# AIM OF THE EXERCISE
Keep every word of the listing and reproduce it exactly, but set aside any image found there.

# SUPPLIED RECORDS
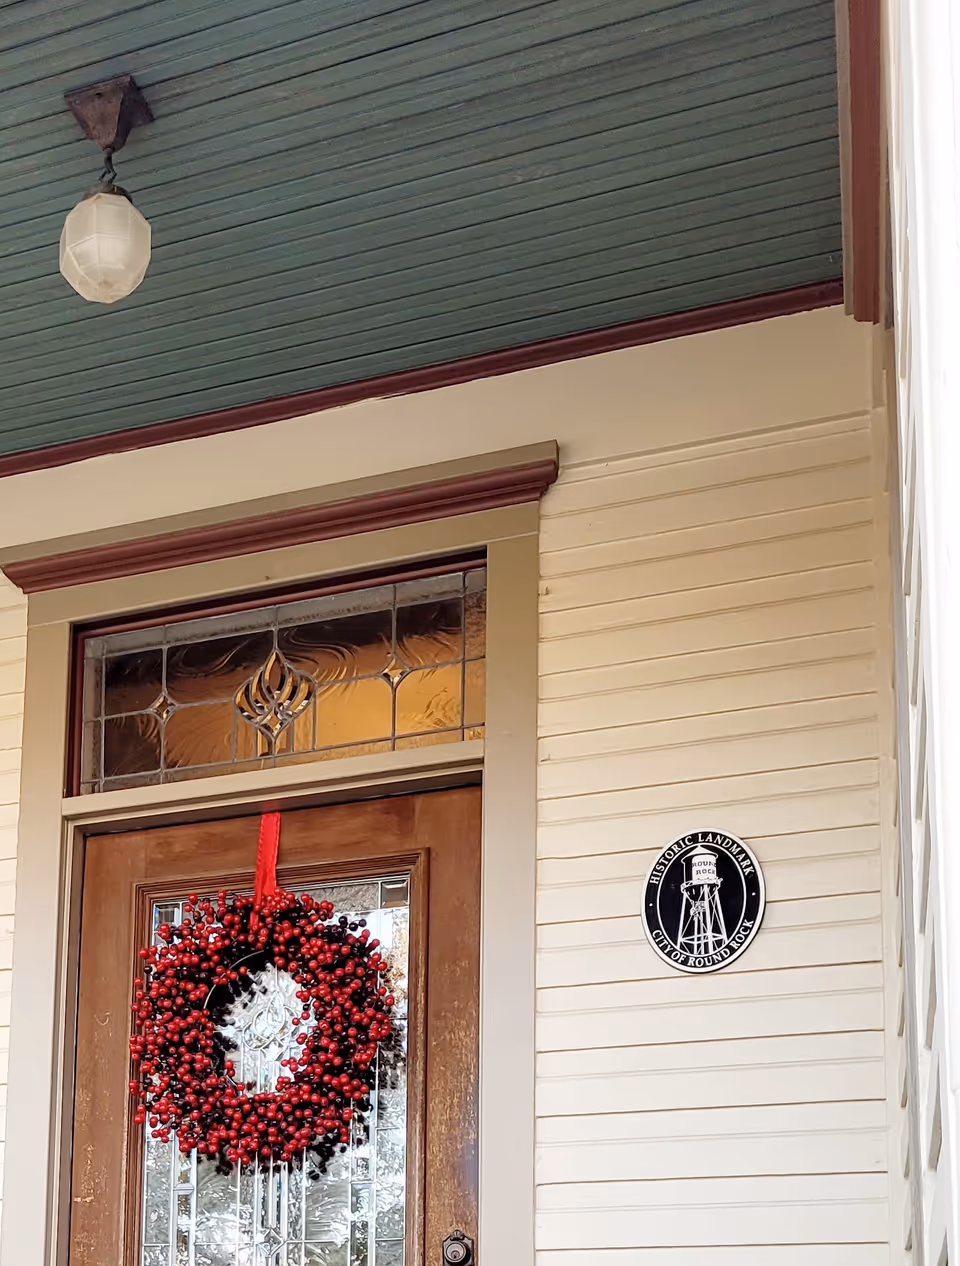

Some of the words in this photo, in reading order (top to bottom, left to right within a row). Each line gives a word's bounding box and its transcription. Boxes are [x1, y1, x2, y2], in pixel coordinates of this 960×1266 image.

[650, 836, 693, 885] HISTORIC
[698, 832, 755, 876] LANDMARK
[652, 929, 672, 954] CITY
[670, 949, 687, 964] OF
[688, 948, 731, 968] ROUND
[733, 919, 754, 950] ROCK

# TASK OUTPUT
Some of the words in this photo, in reading order (top to bottom, left to right within a row). Each line gives a word's bounding box and its transcription. Boxes are [x1, y1, x2, y2], in pixel coordinates of this 960×1266 image.

[650, 836, 693, 885] HISTORIC
[698, 832, 755, 876] LANDMARK
[652, 929, 672, 954] CITY
[670, 949, 687, 964] OF
[688, 948, 731, 968] ROUND
[733, 919, 754, 950] ROCK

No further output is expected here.